Top of Raw data

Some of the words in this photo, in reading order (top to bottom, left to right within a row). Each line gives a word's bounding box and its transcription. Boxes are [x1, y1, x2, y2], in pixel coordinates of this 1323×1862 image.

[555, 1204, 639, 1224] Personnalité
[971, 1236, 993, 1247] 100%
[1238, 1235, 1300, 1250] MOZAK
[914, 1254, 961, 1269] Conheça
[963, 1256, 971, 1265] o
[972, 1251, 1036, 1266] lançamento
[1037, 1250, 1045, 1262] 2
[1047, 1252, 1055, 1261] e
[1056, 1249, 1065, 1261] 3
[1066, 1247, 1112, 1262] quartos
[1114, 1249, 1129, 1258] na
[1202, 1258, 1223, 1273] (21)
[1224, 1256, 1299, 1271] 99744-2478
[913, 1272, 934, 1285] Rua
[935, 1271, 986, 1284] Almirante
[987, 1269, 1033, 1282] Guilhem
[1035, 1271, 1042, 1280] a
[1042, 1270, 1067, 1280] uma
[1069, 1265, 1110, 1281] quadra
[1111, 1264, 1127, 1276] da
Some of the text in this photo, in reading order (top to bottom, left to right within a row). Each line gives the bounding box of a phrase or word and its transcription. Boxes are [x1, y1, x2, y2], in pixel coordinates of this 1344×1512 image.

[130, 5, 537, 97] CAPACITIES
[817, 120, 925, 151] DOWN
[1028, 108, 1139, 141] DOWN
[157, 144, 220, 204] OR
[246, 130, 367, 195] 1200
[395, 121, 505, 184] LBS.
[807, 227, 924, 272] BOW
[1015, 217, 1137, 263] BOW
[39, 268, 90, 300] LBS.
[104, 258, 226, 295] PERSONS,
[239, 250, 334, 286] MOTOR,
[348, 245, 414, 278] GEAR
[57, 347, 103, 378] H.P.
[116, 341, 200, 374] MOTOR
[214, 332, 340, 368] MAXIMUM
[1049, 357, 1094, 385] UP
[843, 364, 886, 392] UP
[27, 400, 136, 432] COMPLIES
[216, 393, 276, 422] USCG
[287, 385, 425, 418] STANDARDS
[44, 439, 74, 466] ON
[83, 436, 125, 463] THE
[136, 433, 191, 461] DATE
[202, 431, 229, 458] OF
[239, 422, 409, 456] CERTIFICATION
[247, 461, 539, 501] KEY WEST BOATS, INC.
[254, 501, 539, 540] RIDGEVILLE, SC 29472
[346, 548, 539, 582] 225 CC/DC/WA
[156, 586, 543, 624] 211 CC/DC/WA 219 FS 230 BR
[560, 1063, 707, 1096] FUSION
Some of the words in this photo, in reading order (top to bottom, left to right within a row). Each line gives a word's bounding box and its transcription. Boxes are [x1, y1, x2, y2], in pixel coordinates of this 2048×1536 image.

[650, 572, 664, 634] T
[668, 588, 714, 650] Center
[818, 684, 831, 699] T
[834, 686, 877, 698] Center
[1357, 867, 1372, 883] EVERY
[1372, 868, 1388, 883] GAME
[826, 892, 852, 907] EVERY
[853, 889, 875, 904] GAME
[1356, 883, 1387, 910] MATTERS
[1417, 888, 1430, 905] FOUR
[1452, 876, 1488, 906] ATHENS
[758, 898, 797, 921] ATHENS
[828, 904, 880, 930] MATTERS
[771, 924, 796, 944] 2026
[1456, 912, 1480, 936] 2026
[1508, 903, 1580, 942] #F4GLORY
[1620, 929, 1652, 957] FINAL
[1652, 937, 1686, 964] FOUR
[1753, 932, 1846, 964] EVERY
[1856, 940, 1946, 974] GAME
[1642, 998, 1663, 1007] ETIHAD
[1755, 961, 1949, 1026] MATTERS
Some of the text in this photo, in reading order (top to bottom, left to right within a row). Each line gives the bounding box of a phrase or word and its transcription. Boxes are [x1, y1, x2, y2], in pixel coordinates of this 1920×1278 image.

Bottom of Raw data

The task: Give the data back in full, exactly as written.

Response:
Some of the words in this photo, in reading order (top to bottom, left to right within a row). Each line gives a word's bounding box and its transcription. Boxes are [x1, y1, x2, y2], in pixel coordinates of this 1323×1862 image.

[555, 1204, 639, 1224] Personnalité
[971, 1236, 993, 1247] 100%
[1238, 1235, 1300, 1250] MOZAK
[914, 1254, 961, 1269] Conheça
[963, 1256, 971, 1265] o
[972, 1251, 1036, 1266] lançamento
[1037, 1250, 1045, 1262] 2
[1047, 1252, 1055, 1261] e
[1056, 1249, 1065, 1261] 3
[1066, 1247, 1112, 1262] quartos
[1114, 1249, 1129, 1258] na
[1202, 1258, 1223, 1273] (21)
[1224, 1256, 1299, 1271] 99744-2478
[913, 1272, 934, 1285] Rua
[935, 1271, 986, 1284] Almirante
[987, 1269, 1033, 1282] Guilhem
[1035, 1271, 1042, 1280] a
[1042, 1270, 1067, 1280] uma
[1069, 1265, 1110, 1281] quadra
[1111, 1264, 1127, 1276] da
Some of the text in this photo, in reading order (top to bottom, left to right within a row). Each line gives the bounding box of a phrase or word and its transcription. Boxes are [x1, y1, x2, y2], in pixel coordinates of this 1344×1512 image.

[130, 5, 537, 97] CAPACITIES
[817, 120, 925, 151] DOWN
[1028, 108, 1139, 141] DOWN
[157, 144, 220, 204] OR
[246, 130, 367, 195] 1200
[395, 121, 505, 184] LBS.
[807, 227, 924, 272] BOW
[1015, 217, 1137, 263] BOW
[39, 268, 90, 300] LBS.
[104, 258, 226, 295] PERSONS,
[239, 250, 334, 286] MOTOR,
[348, 245, 414, 278] GEAR
[57, 347, 103, 378] H.P.
[116, 341, 200, 374] MOTOR
[214, 332, 340, 368] MAXIMUM
[1049, 357, 1094, 385] UP
[843, 364, 886, 392] UP
[27, 400, 136, 432] COMPLIES
[216, 393, 276, 422] USCG
[287, 385, 425, 418] STANDARDS
[44, 439, 74, 466] ON
[83, 436, 125, 463] THE
[136, 433, 191, 461] DATE
[202, 431, 229, 458] OF
[239, 422, 409, 456] CERTIFICATION
[247, 461, 539, 501] KEY WEST BOATS, INC.
[254, 501, 539, 540] RIDGEVILLE, SC 29472
[346, 548, 539, 582] 225 CC/DC/WA
[156, 586, 543, 624] 211 CC/DC/WA 219 FS 230 BR
[560, 1063, 707, 1096] FUSION
Some of the words in this photo, in reading order (top to bottom, left to right within a row). Each line gives a word's bounding box and its transcription. Boxes are [x1, y1, x2, y2], in pixel coordinates of this 2048×1536 image.

[650, 572, 664, 634] T
[668, 588, 714, 650] Center
[818, 684, 831, 699] T
[834, 686, 877, 698] Center
[1357, 867, 1372, 883] EVERY
[1372, 868, 1388, 883] GAME
[826, 892, 852, 907] EVERY
[853, 889, 875, 904] GAME
[1356, 883, 1387, 910] MATTERS
[1417, 888, 1430, 905] FOUR
[1452, 876, 1488, 906] ATHENS
[758, 898, 797, 921] ATHENS
[828, 904, 880, 930] MATTERS
[771, 924, 796, 944] 2026
[1456, 912, 1480, 936] 2026
[1508, 903, 1580, 942] #F4GLORY
[1620, 929, 1652, 957] FINAL
[1652, 937, 1686, 964] FOUR
[1753, 932, 1846, 964] EVERY
[1856, 940, 1946, 974] GAME
[1642, 998, 1663, 1007] ETIHAD
[1755, 961, 1949, 1026] MATTERS
Some of the text in this photo, in reading order (top to bottom, left to right within a row). Each line gives the bounding box of a phrase or word and its transcription. Boxes are [x1, y1, x2, y2], in pixel coordinates of this 1920×1278 image.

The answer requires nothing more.